Emocionante era entrar en este salón, solo para hombres, cubierto de espejos, con altos y complejos sillones y en especial, unas estufas en forma de cilindro donde se calentaba el agua y las toallas que se empleaban para rasurar. Ahí veías al Sr. Navarro, que quizás habría aprendido de su padre el oficio, afeitar a lo más granado de la sociedad coyoacanense, siguiendo siempre el mismo rito: la toalla caliente sobre la barba a cortar (previamente ya había manipulado el sillón para tener al cliente en posición casi horizontal), mientras preparaba, con vapor caliente de la misma estufa, el jabón o crema para afeitar; retirar la toalla y empezar con pulso firme y seguro, como cirujano caro, a quitar pelo y bello de cara y cráneo, de vez en vez, afilar la navaja con el cuero que colgaba de un lado. En una hojita de papel craft que te ponía sobre un hombro, iba limpiando, sin prisa alguna, la hoja de afeitar. Al final, una buena y picante refrescada con algún líquido astringente y quedabas listo para enfrentar con éxito el compromiso que enseguida tuvieras.

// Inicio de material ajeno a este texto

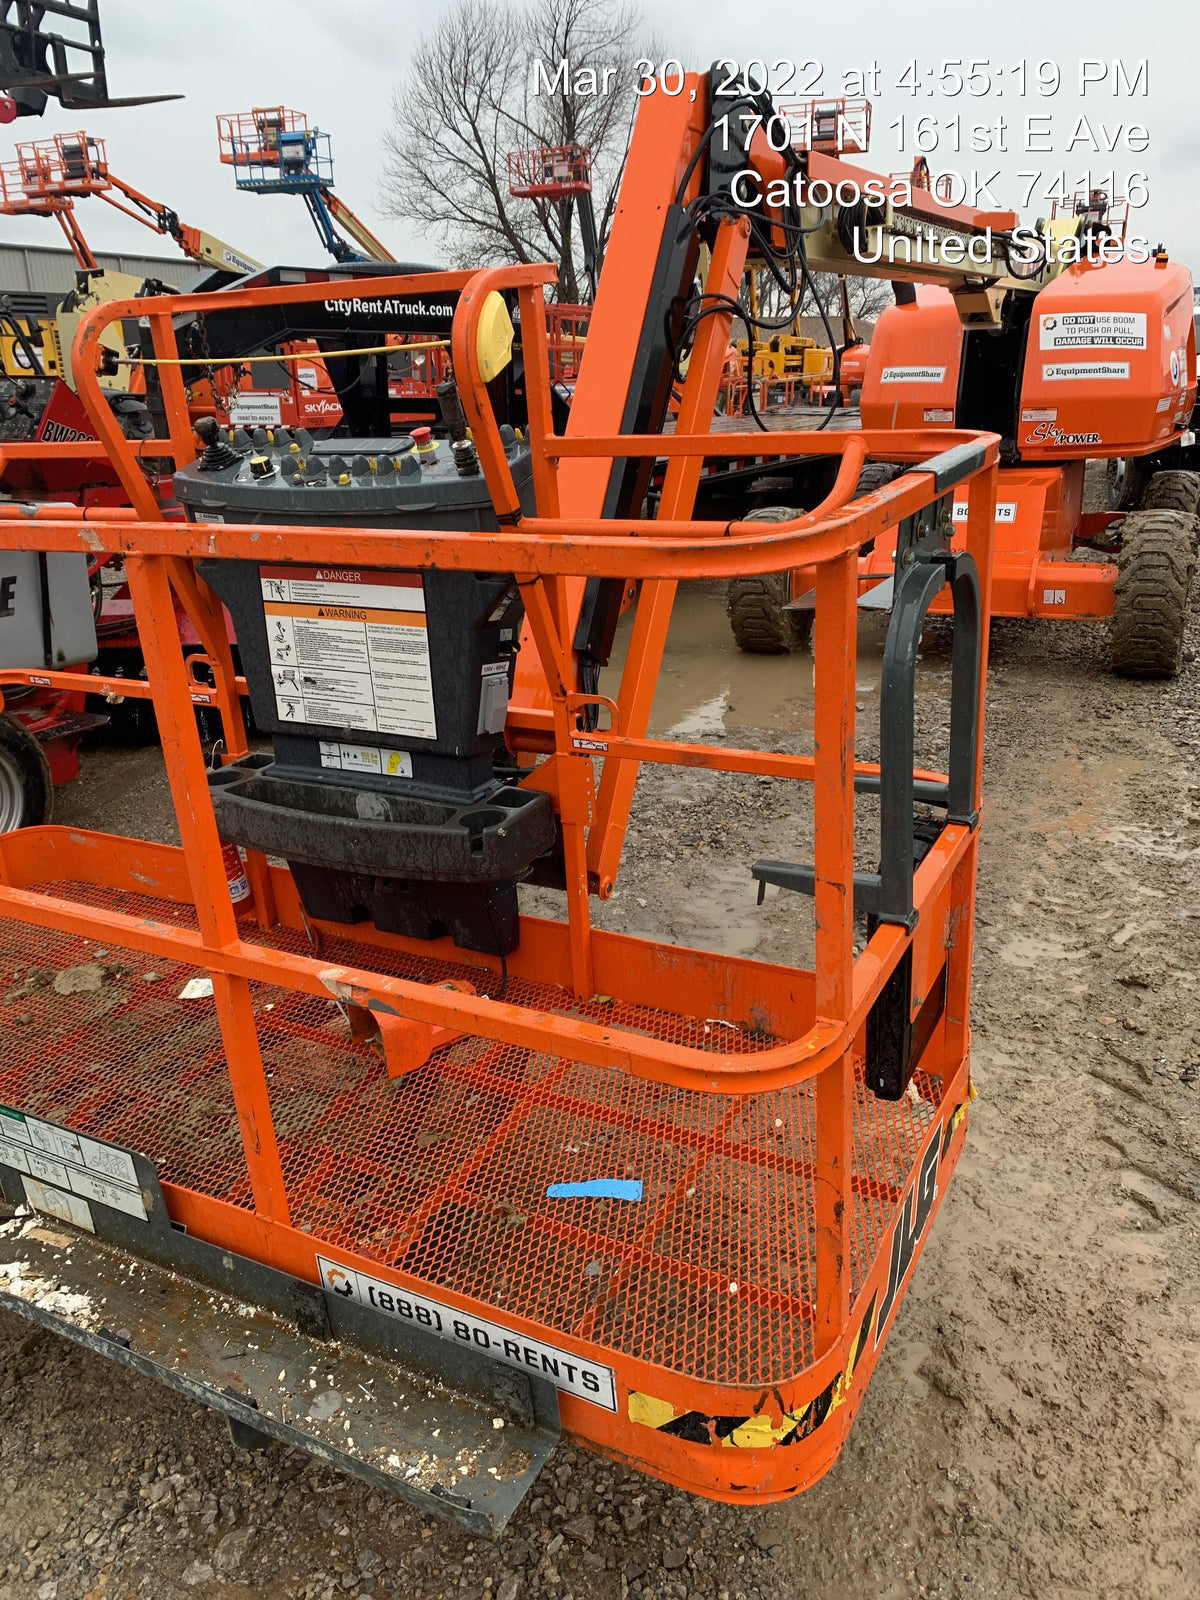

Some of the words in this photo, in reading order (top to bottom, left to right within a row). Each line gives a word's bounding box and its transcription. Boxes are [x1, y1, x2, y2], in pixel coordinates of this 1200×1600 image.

[324, 298, 454, 316] CityRentATruck.com
[1063, 316, 1076, 324] DO
[1078, 316, 1095, 324] NOT
[1096, 316, 1111, 324] USE
[1113, 316, 1135, 324] BOOM
[1055, 337, 1092, 345] DAMAGE
[1115, 337, 1143, 345] OCCUR
[889, 370, 941, 379] EquipmentShare
[1055, 366, 1126, 376] EquipmentShare
[323, 570, 361, 582] DANGER
[325, 608, 367, 620] WARNING
[367, 1285, 443, 1332] (888)
[453, 1318, 600, 1394] 80-RENTS
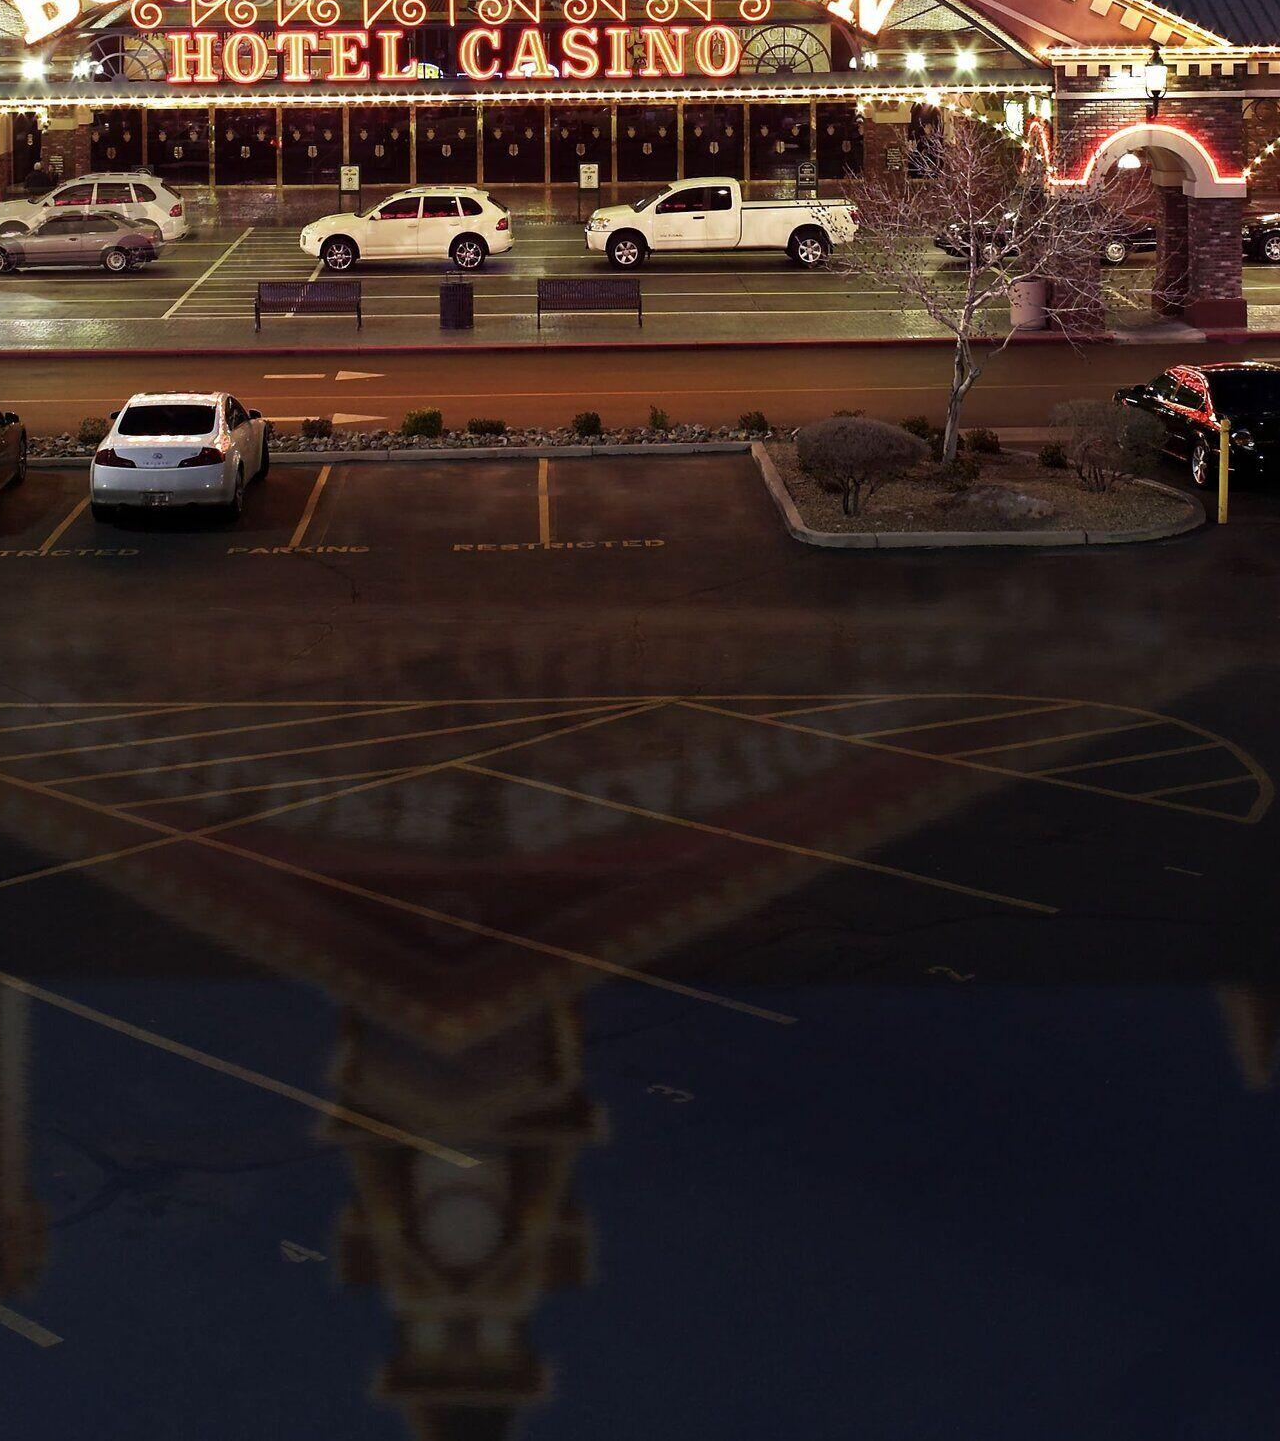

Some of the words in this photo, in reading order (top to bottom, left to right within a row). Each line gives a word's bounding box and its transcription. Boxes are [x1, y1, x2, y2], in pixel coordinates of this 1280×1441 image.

[167, 29, 419, 84] HOTEL
[459, 24, 743, 81] CASINO
[227, 545, 370, 556] PARKING
[451, 538, 666, 551] RESTRICTED
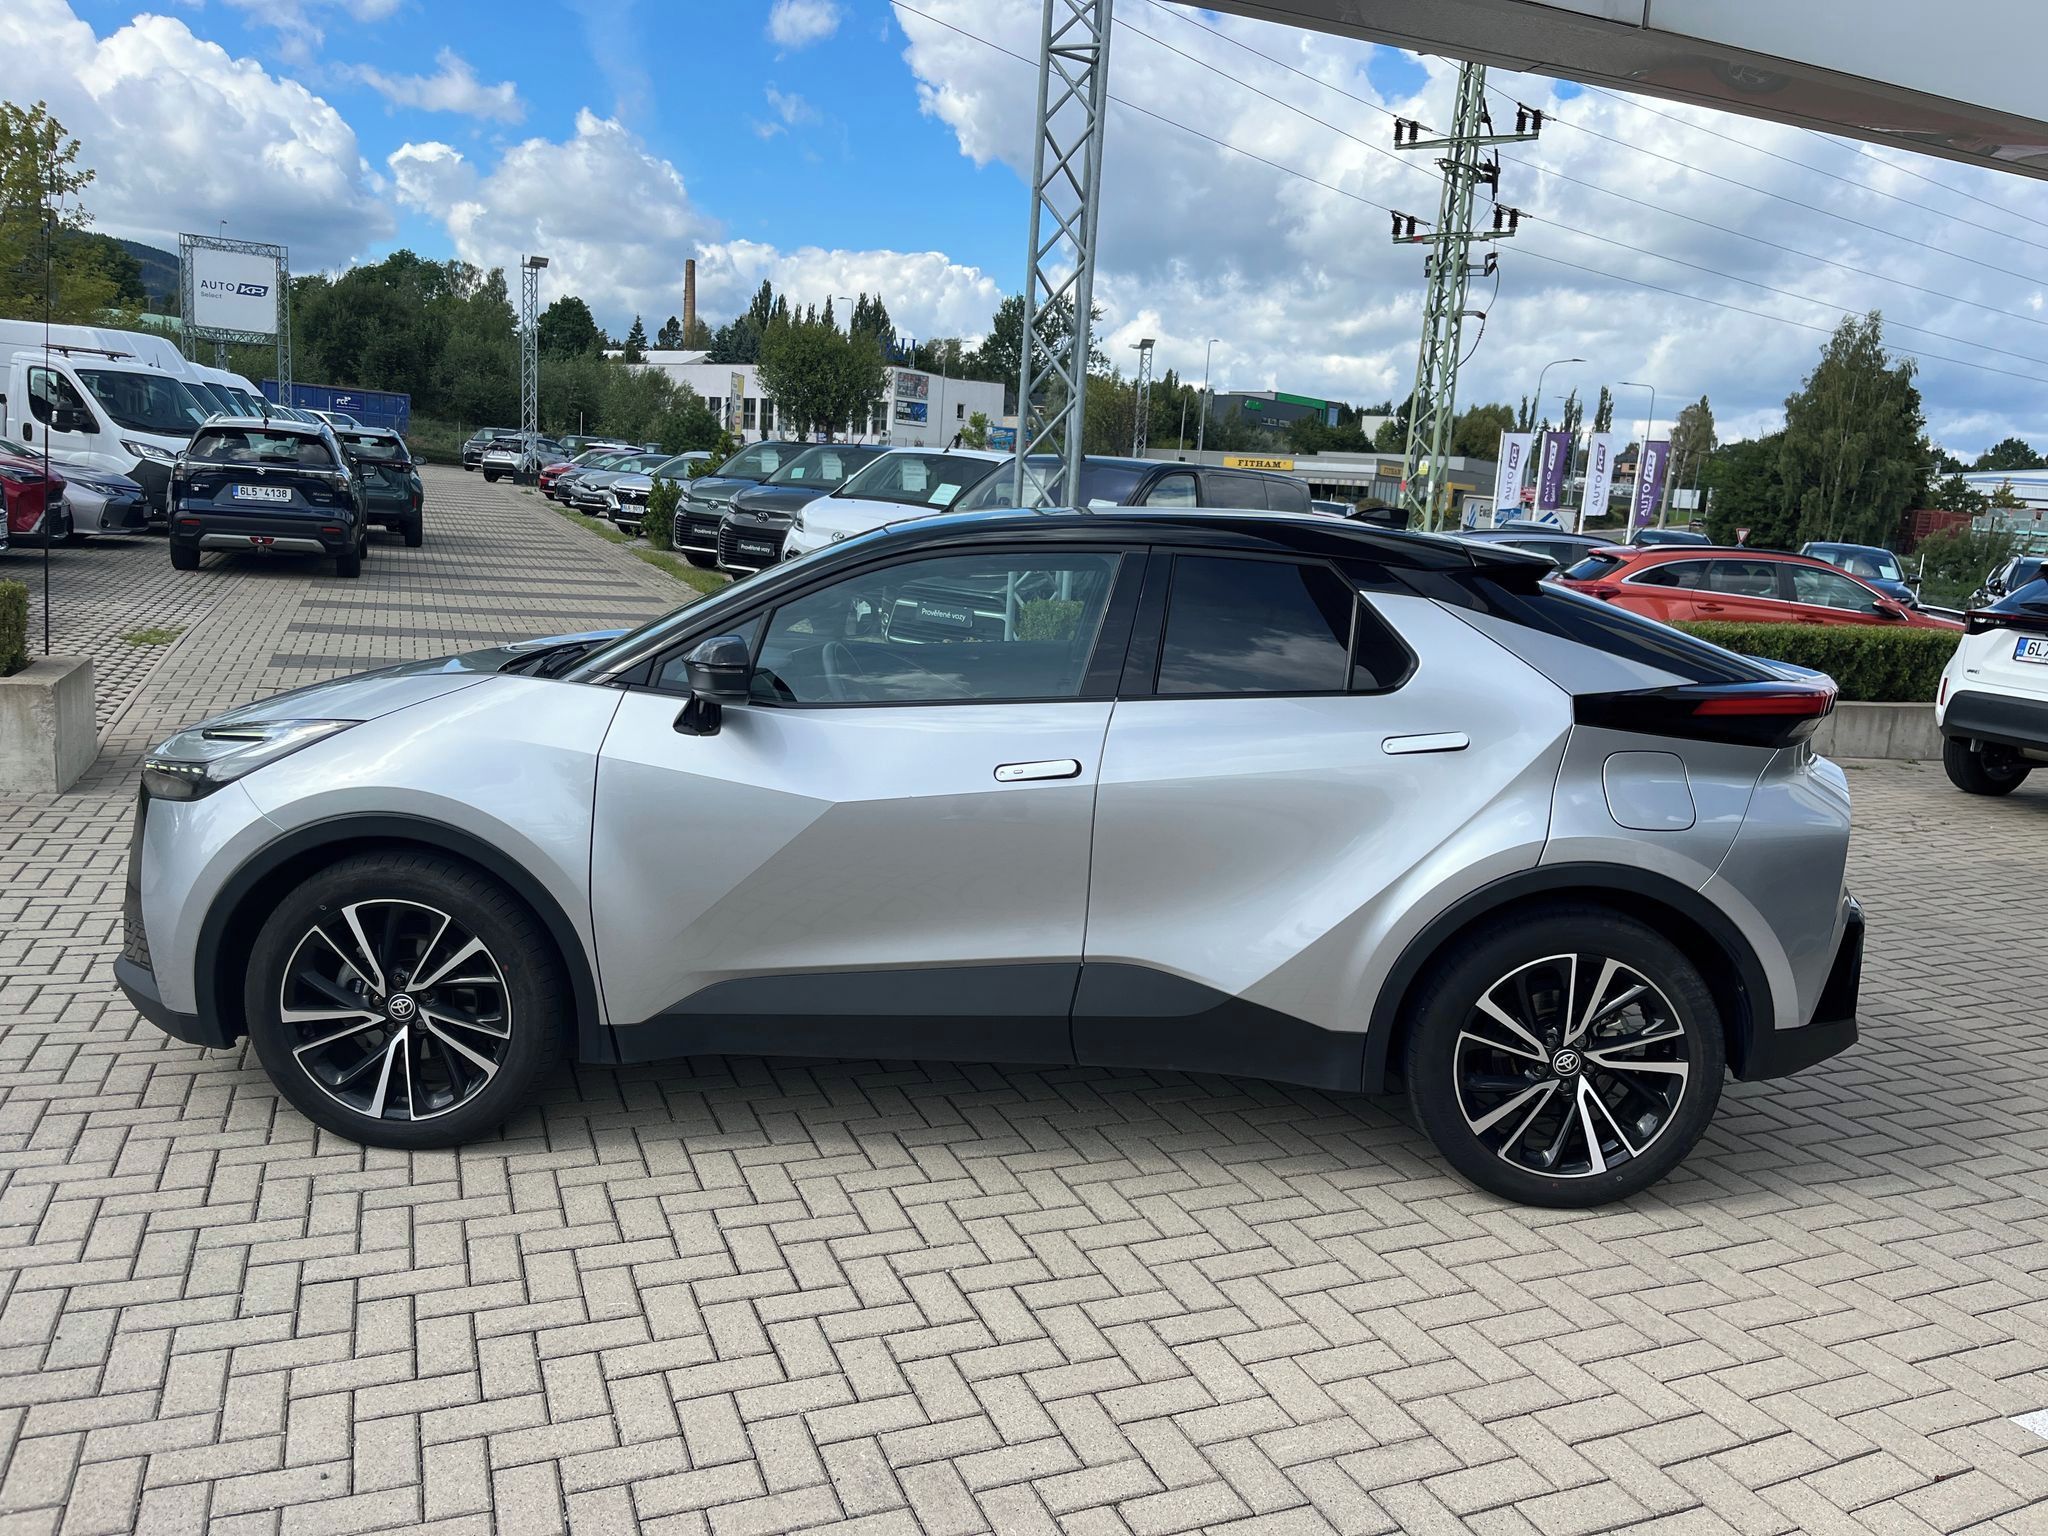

Con la ilusión de repetir todo ese ritual, me fuí, como he dicho, a rasurar. Mi decepción no pudo ser mayor, en vez del JaJa o del Siempre!, había juegos electrónicos y en lugar del confiable Sr. Navarro, un joven, muy joven, se armó de valor e hizo lo mejor que pudo. Lejos quedé de una superficie facial suave y tersa y, además, todo, en tiempo récord, en menos de una hora ya estaba rasurado. Obviamente, el paso del tiempo ha afectado la manera en que se ejecutan estos dos oficios, ellos mismos se han tenido que adaptar a nuevas necesidades, materiales y procedimientos, y así debe ser, nada más lejos de mis expectativas, que esperar las cosas siguieran como entonces. Lo único que me pregunto es si no en ese paso del tiempo, en esa necesidad de ser moderno, de estar al día, ¿no habremos perdido u olvidado lo que sí valía la pena conservar?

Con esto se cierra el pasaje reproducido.